:: Task goal ::
Quote the whole listing exactly. Leave the pictures out of your copy.

:: Records supplied ::

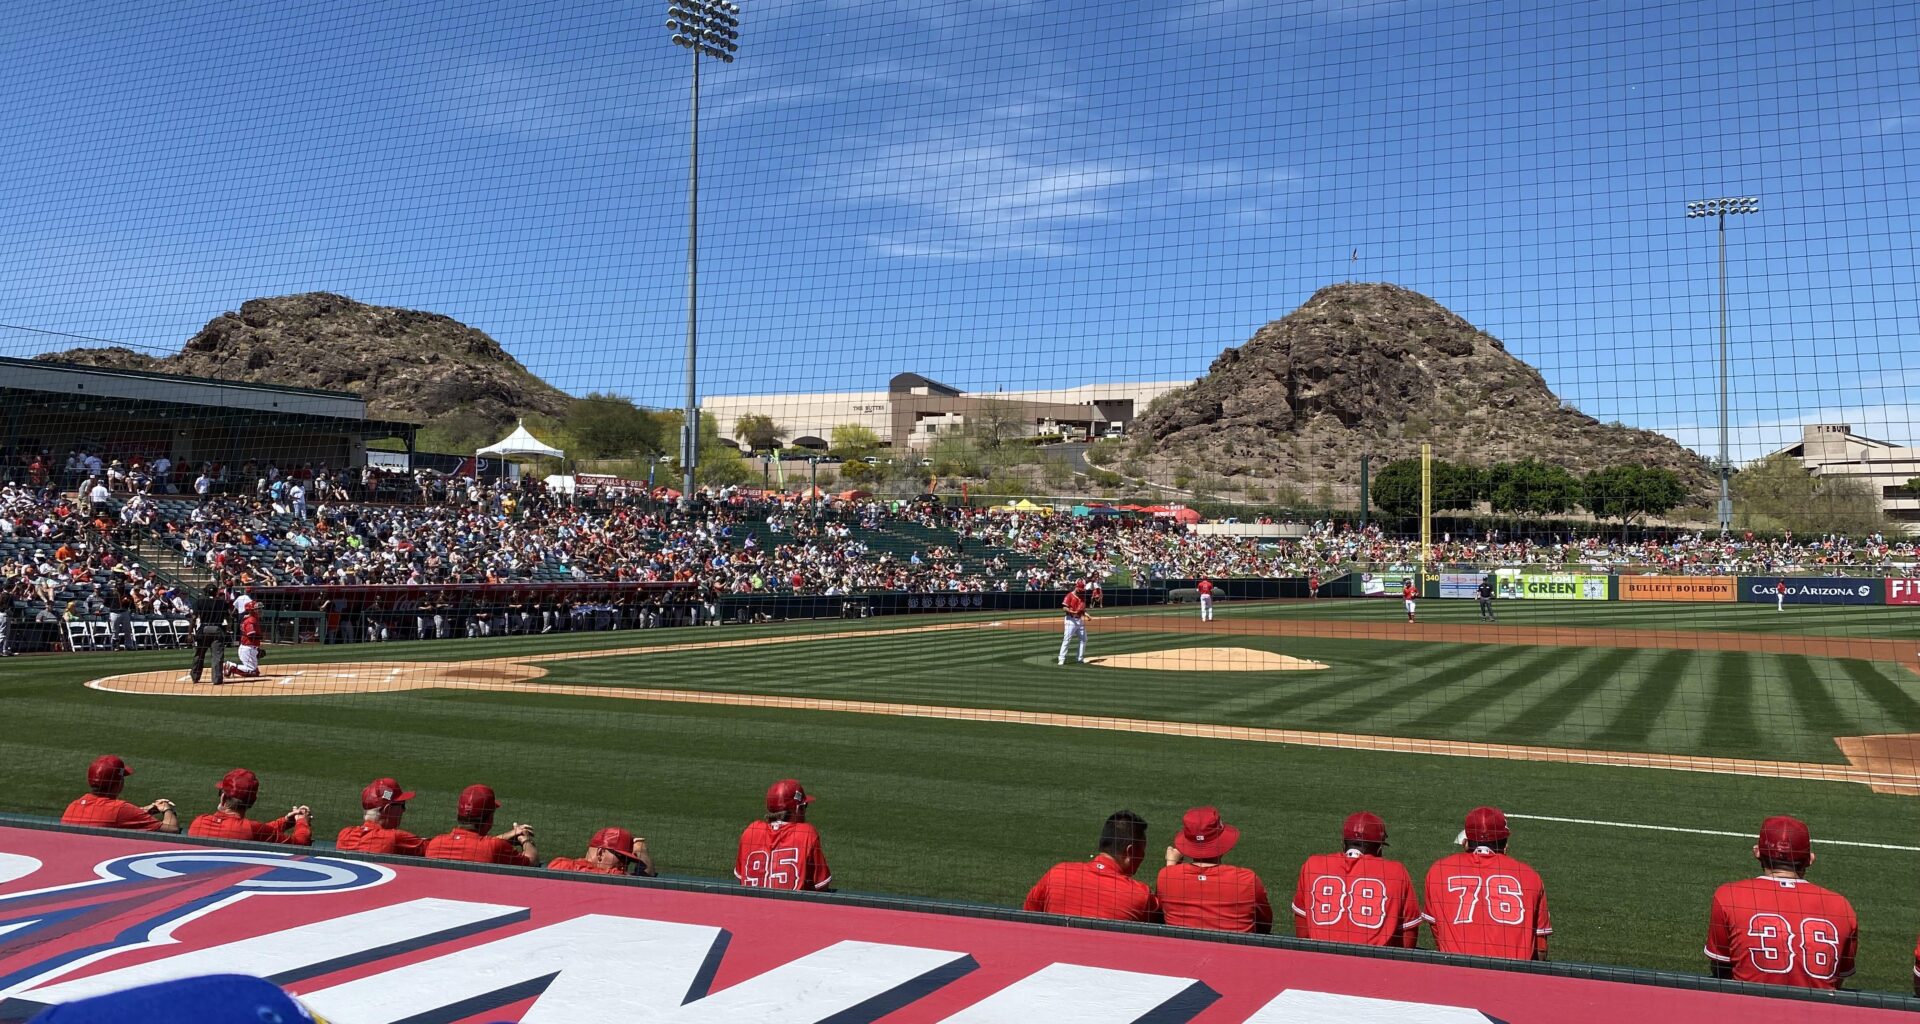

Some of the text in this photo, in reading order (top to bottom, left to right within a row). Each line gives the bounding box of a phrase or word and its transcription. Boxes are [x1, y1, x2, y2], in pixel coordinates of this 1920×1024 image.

[1817, 425, 1830, 433] TE
[1425, 574, 1439, 582] 340
[1528, 583, 1576, 593] GREEN
[1628, 584, 1728, 593] BULLEIT BOURBON
[744, 847, 799, 891] 95
[1311, 874, 1388, 929] 88
[1448, 874, 1525, 925] 76
[1747, 912, 1839, 980] 36
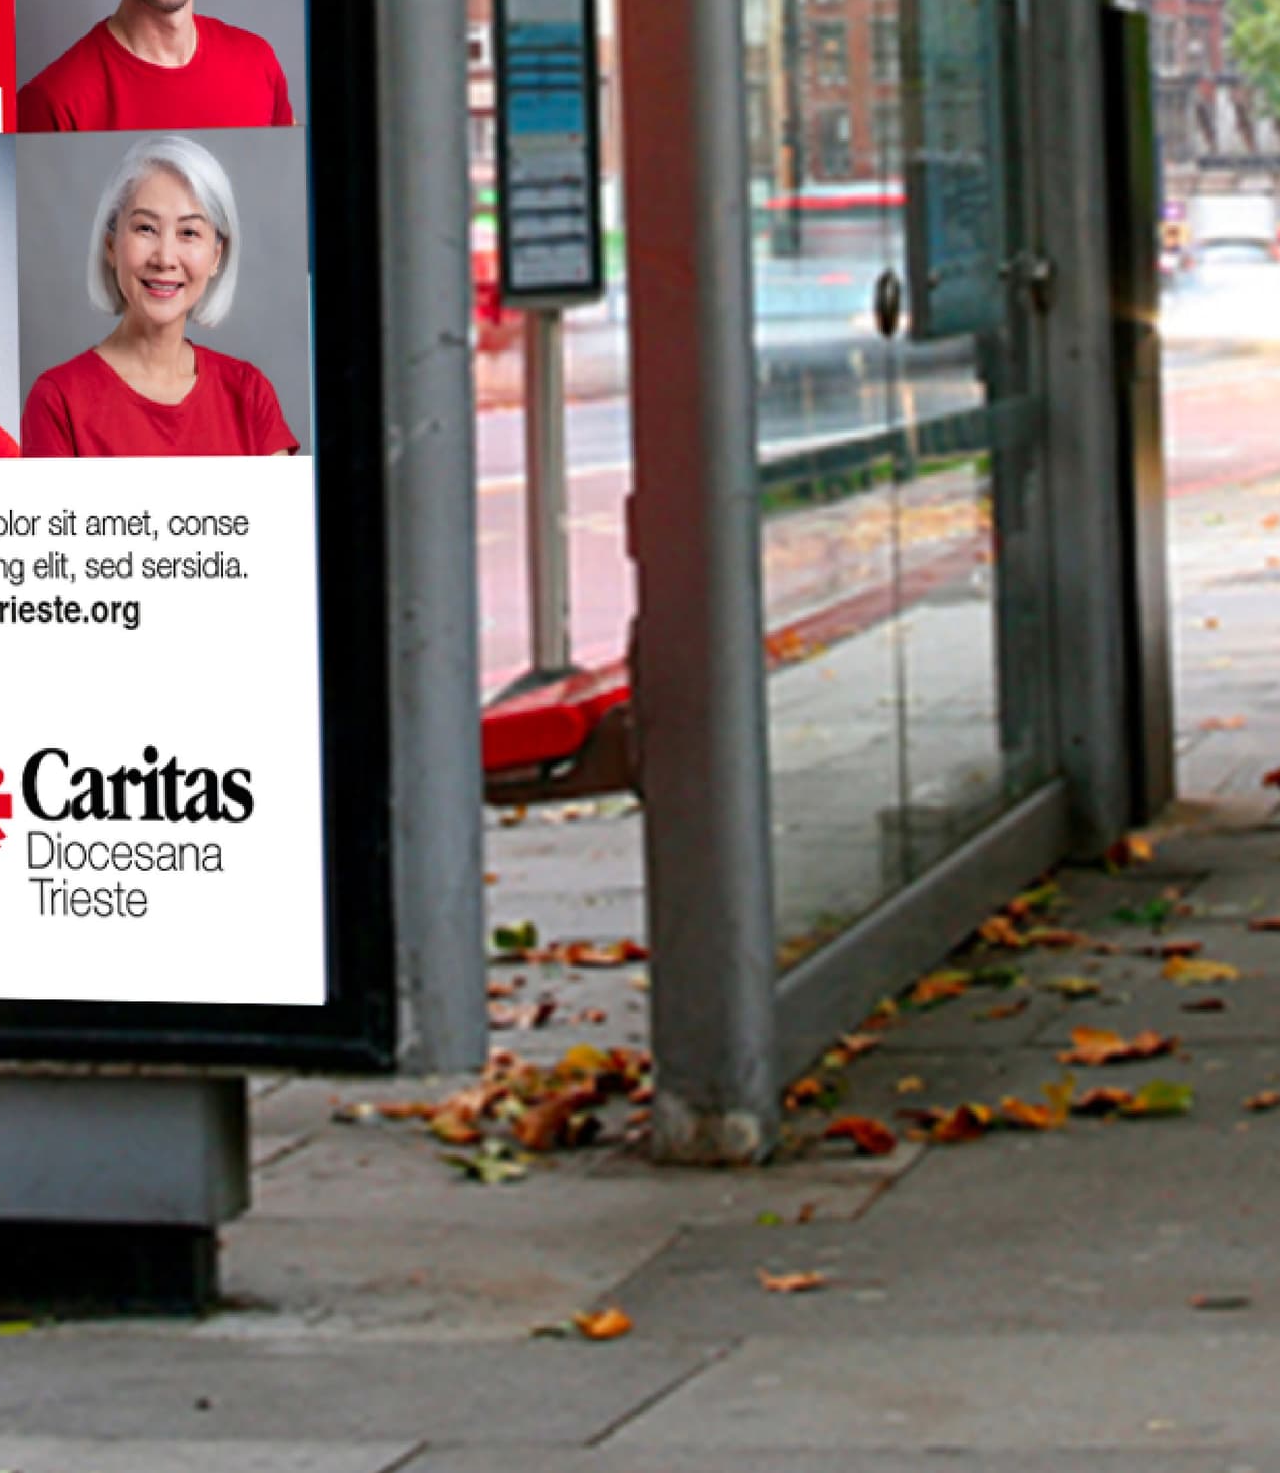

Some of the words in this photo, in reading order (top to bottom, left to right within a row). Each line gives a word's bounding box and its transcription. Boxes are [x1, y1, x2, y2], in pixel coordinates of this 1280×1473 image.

:: Result ::
Some of the text in this photo, in reading order (top to bottom, left to right within a row). Each line gives the bounding box of a phrase or word and its transcription. Boxes are [x1, y1, x2, y2], in pixel coordinates of this 1920×1024 image.

[1817, 425, 1830, 433] TE
[1425, 574, 1439, 582] 340
[1528, 583, 1576, 593] GREEN
[1628, 584, 1728, 593] BULLEIT BOURBON
[744, 847, 799, 891] 95
[1311, 874, 1388, 929] 88
[1448, 874, 1525, 925] 76
[1747, 912, 1839, 980] 36

Some of the words in this photo, in reading order (top to bottom, left to right within a row). Each line gives a word's bounding box and its transcription. Boxes are [x1, y1, x2, y2], in pixel coordinates of this 1280×1473 image.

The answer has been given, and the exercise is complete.